In your reply, repeat every entry exactly and skip over each picture.

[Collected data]

**********

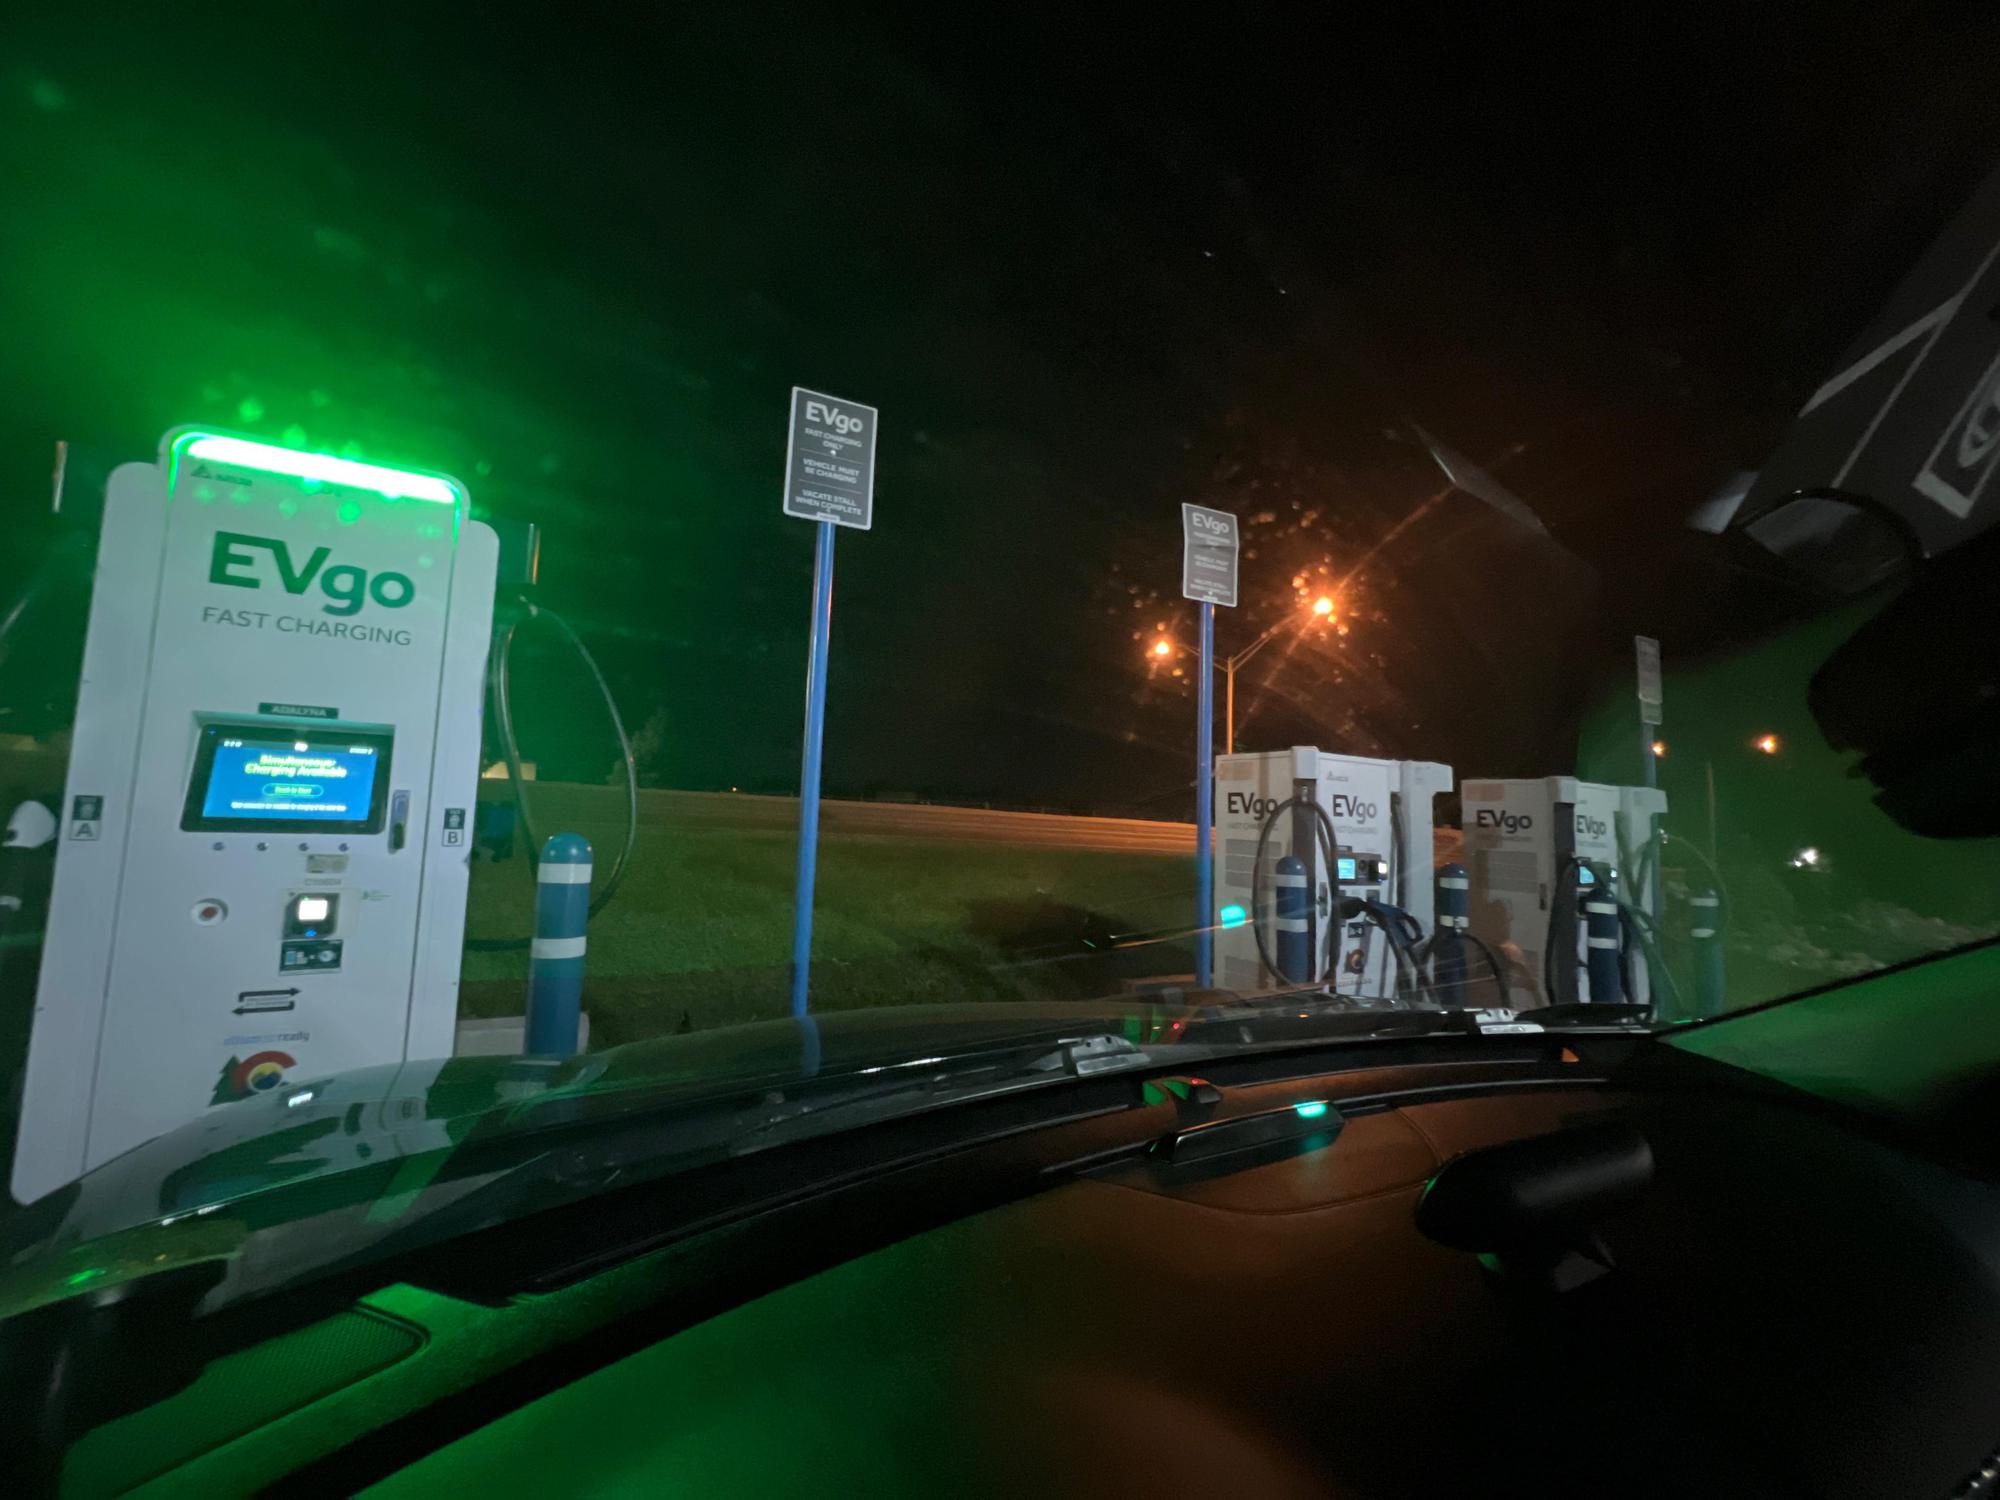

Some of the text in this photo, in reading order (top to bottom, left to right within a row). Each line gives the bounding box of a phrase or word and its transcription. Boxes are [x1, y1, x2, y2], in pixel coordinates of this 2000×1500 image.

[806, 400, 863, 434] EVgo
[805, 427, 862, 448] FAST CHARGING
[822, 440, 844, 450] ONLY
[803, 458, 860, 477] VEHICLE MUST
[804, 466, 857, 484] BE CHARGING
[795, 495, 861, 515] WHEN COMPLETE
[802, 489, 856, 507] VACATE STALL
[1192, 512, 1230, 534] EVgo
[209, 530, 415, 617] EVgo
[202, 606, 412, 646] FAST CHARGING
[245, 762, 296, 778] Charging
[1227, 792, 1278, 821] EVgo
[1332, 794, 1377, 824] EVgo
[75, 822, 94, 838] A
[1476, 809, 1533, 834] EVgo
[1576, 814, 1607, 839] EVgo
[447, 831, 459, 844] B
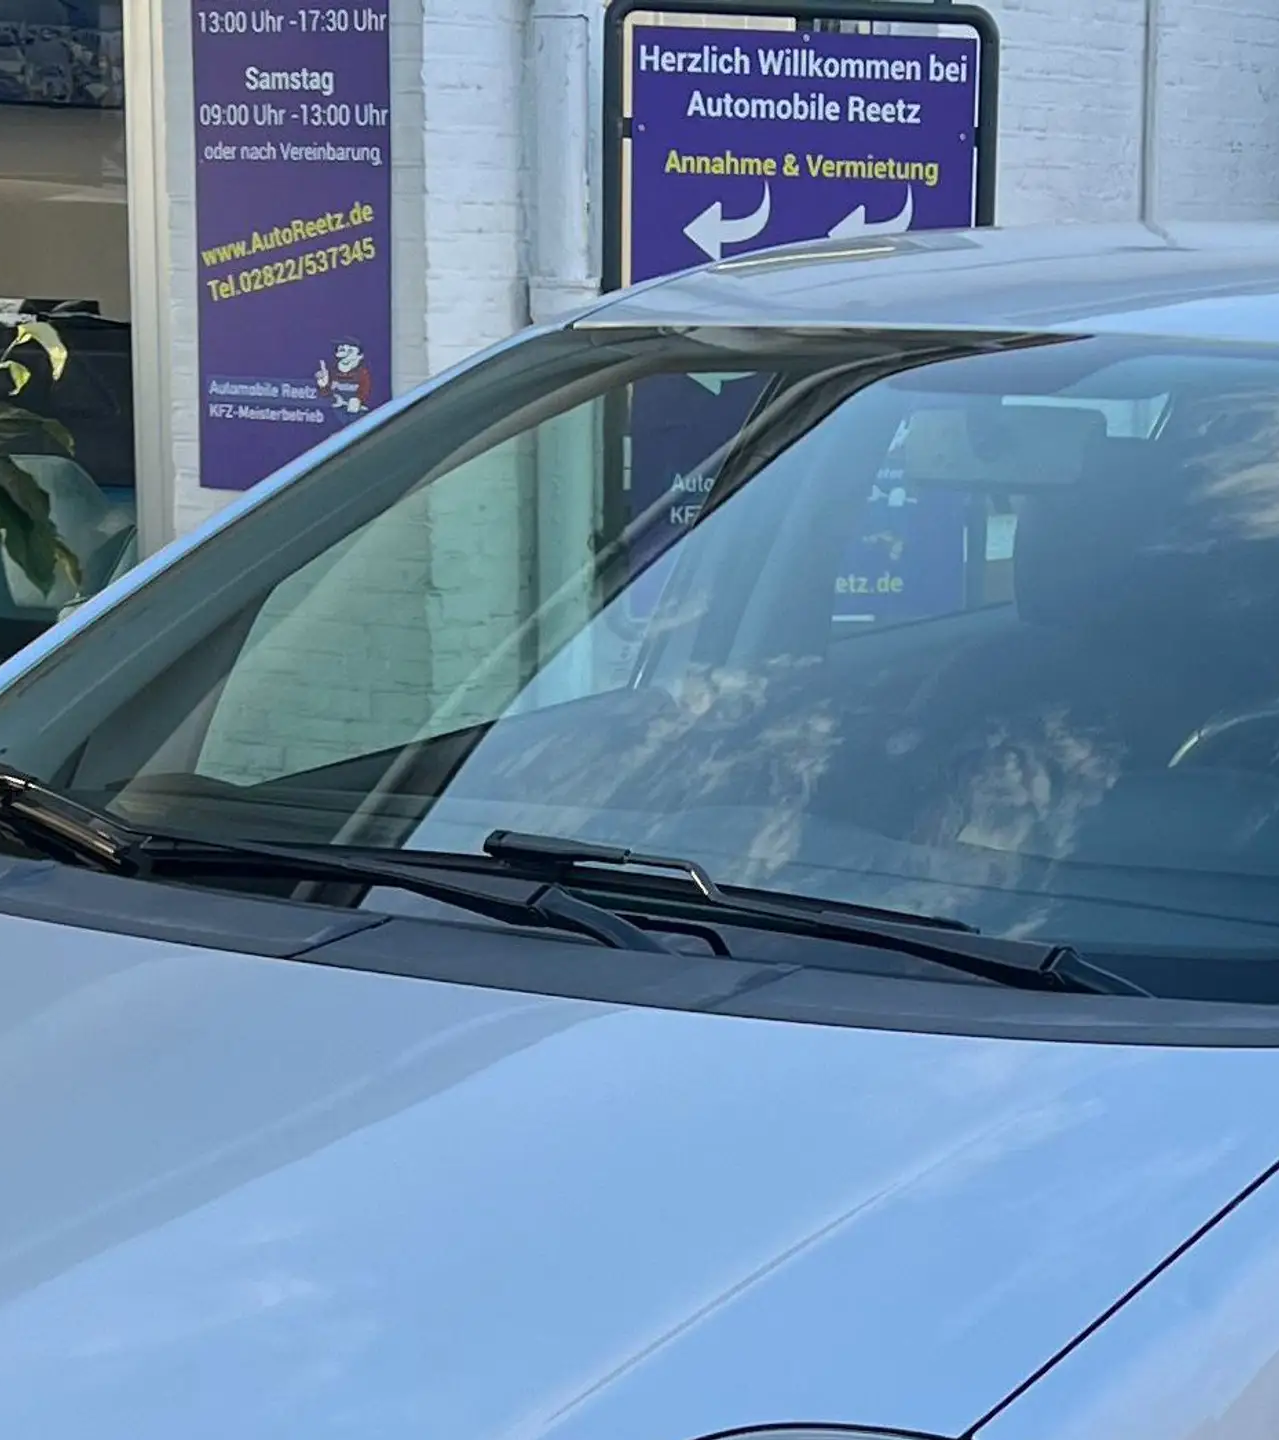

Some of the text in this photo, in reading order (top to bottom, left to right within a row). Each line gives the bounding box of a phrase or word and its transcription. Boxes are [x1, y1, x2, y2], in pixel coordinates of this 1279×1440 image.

**********

Answer to this problem →
Some of the text in this photo, in reading order (top to bottom, left to right within a row). Each line gives the bounding box of a phrase or word and its transcription. Boxes are [x1, y1, x2, y2], in pixel coordinates of this 2000×1500 image.

[806, 400, 863, 434] EVgo
[805, 427, 862, 448] FAST CHARGING
[822, 440, 844, 450] ONLY
[803, 458, 860, 477] VEHICLE MUST
[804, 466, 857, 484] BE CHARGING
[795, 495, 861, 515] WHEN COMPLETE
[802, 489, 856, 507] VACATE STALL
[1192, 512, 1230, 534] EVgo
[209, 530, 415, 617] EVgo
[202, 606, 412, 646] FAST CHARGING
[245, 762, 296, 778] Charging
[1227, 792, 1278, 821] EVgo
[1332, 794, 1377, 824] EVgo
[75, 822, 94, 838] A
[1476, 809, 1533, 834] EVgo
[1576, 814, 1607, 839] EVgo
[447, 831, 459, 844] B

Some of the text in this photo, in reading order (top to bottom, left to right within a row). Each line gives the bounding box of a phrase or word and its transcription. Boxes are [x1, y1, x2, y2], in pixel coordinates of this 1279×1440 image.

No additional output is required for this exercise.